The Centre’s latest updates have sparked a storm in the ride-hailing world! Ola, Uber, and other aggregators are now allowed to charge fares up to twice the base price during peak hours, as opposed to the previous limit of 1.5 times. What’s more, the fare will be 50% lower during non-rush hours. With this major shift, commuters and drivers alike will have to adjust to the new rules announced in the Motor Vehicle Aggregator Guidelines (MVAG) 2025.
For the first time ever, dynamic pricing will allow ride prices to rise up to two times the base fare during high-demand times. This means your evening rush-hour trip could cost significantly more than before.

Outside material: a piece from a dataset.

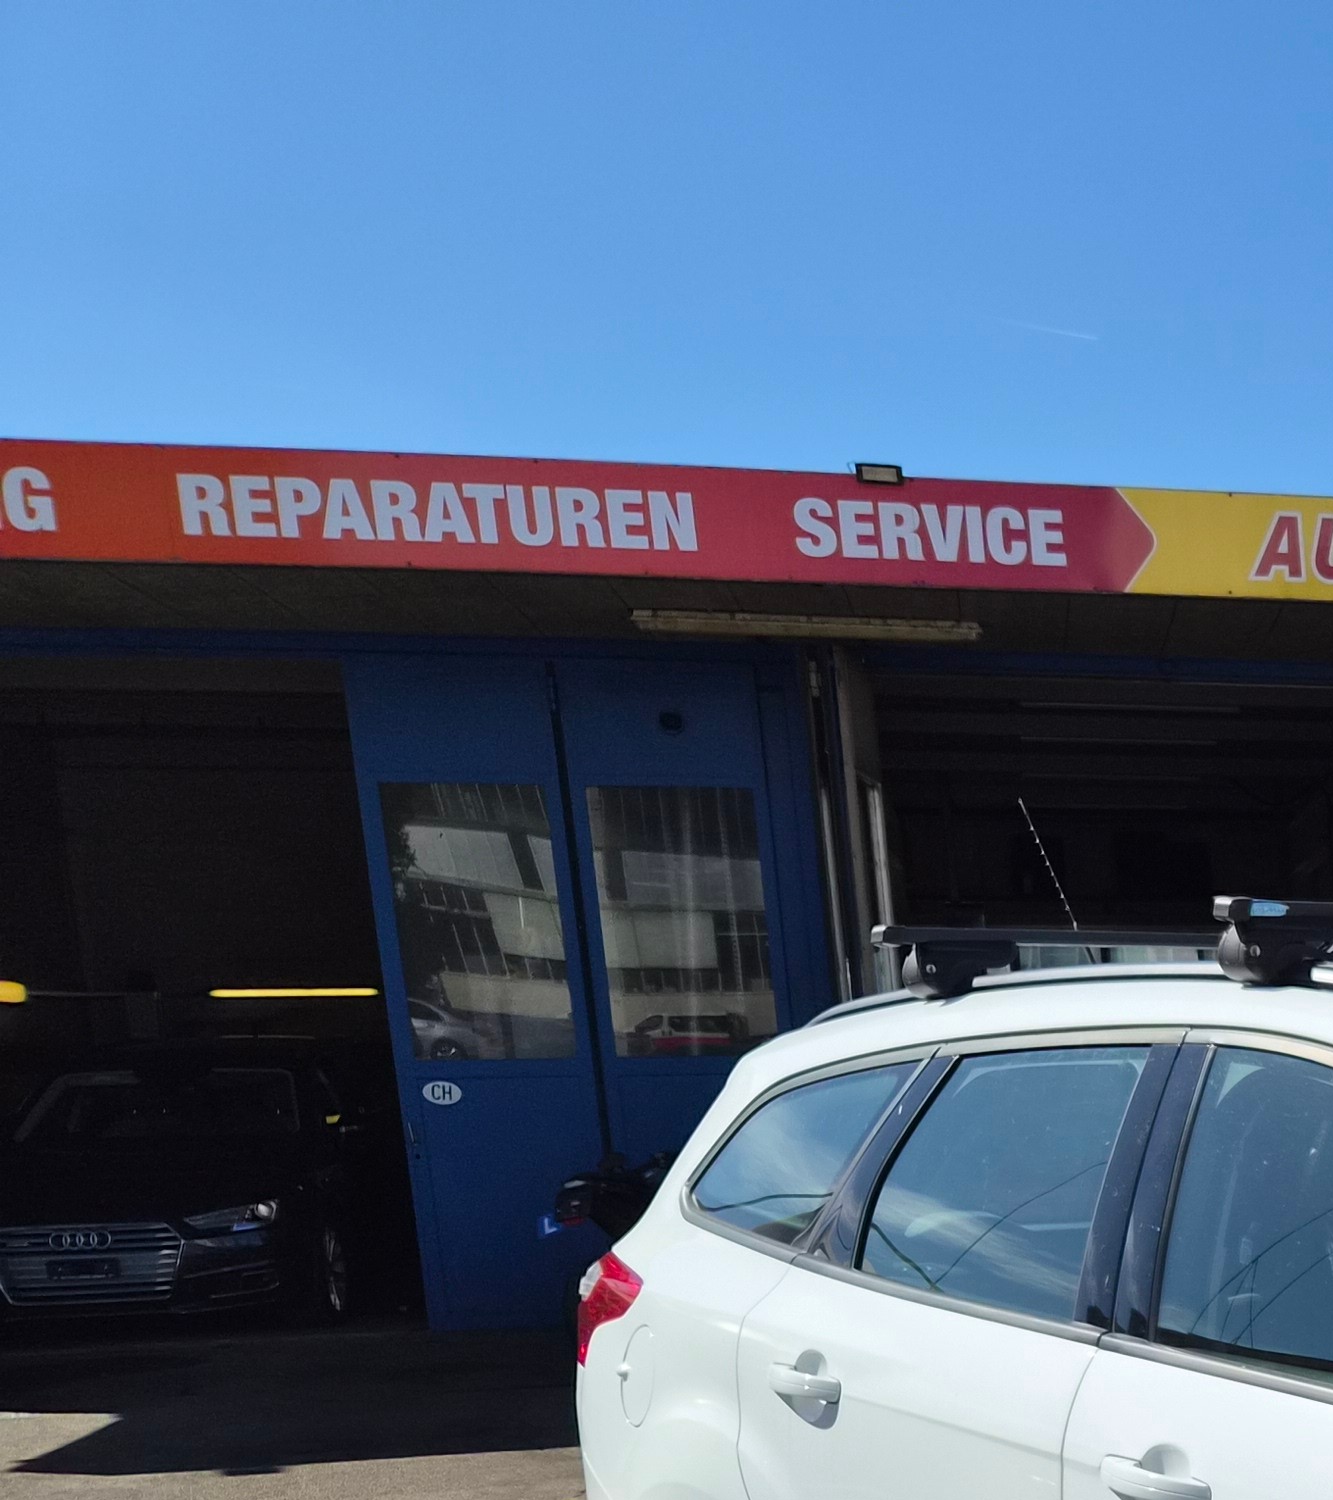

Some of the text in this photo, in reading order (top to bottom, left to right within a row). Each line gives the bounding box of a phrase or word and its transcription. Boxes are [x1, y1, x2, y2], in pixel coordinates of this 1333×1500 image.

However, during quieter hours, fares will drop, offering some reprieve to passengers. Expect lower prices by up to 50% when traffic is light and demand is low.
But the changes don’t stop there. Both passengers and drivers now face penalties for cancellations without valid reasons. A 10% charge will be imposed on a driver who cancels a ride. Similarly, passengers will face the same penalty for cancelling rides at the last minute without a proper explanation. This move is designed to reduce cancellations, making the system more efficient and fair for everyone.
Under the updated guidelines, state governments will set the base fare for different vehicle categories. However, the first three kilometers of your ride will be charged for, even if the driver travels without a passenger (dead mileage). Fortunately, no charges will apply for dead mileage if the ride is under three kilometers.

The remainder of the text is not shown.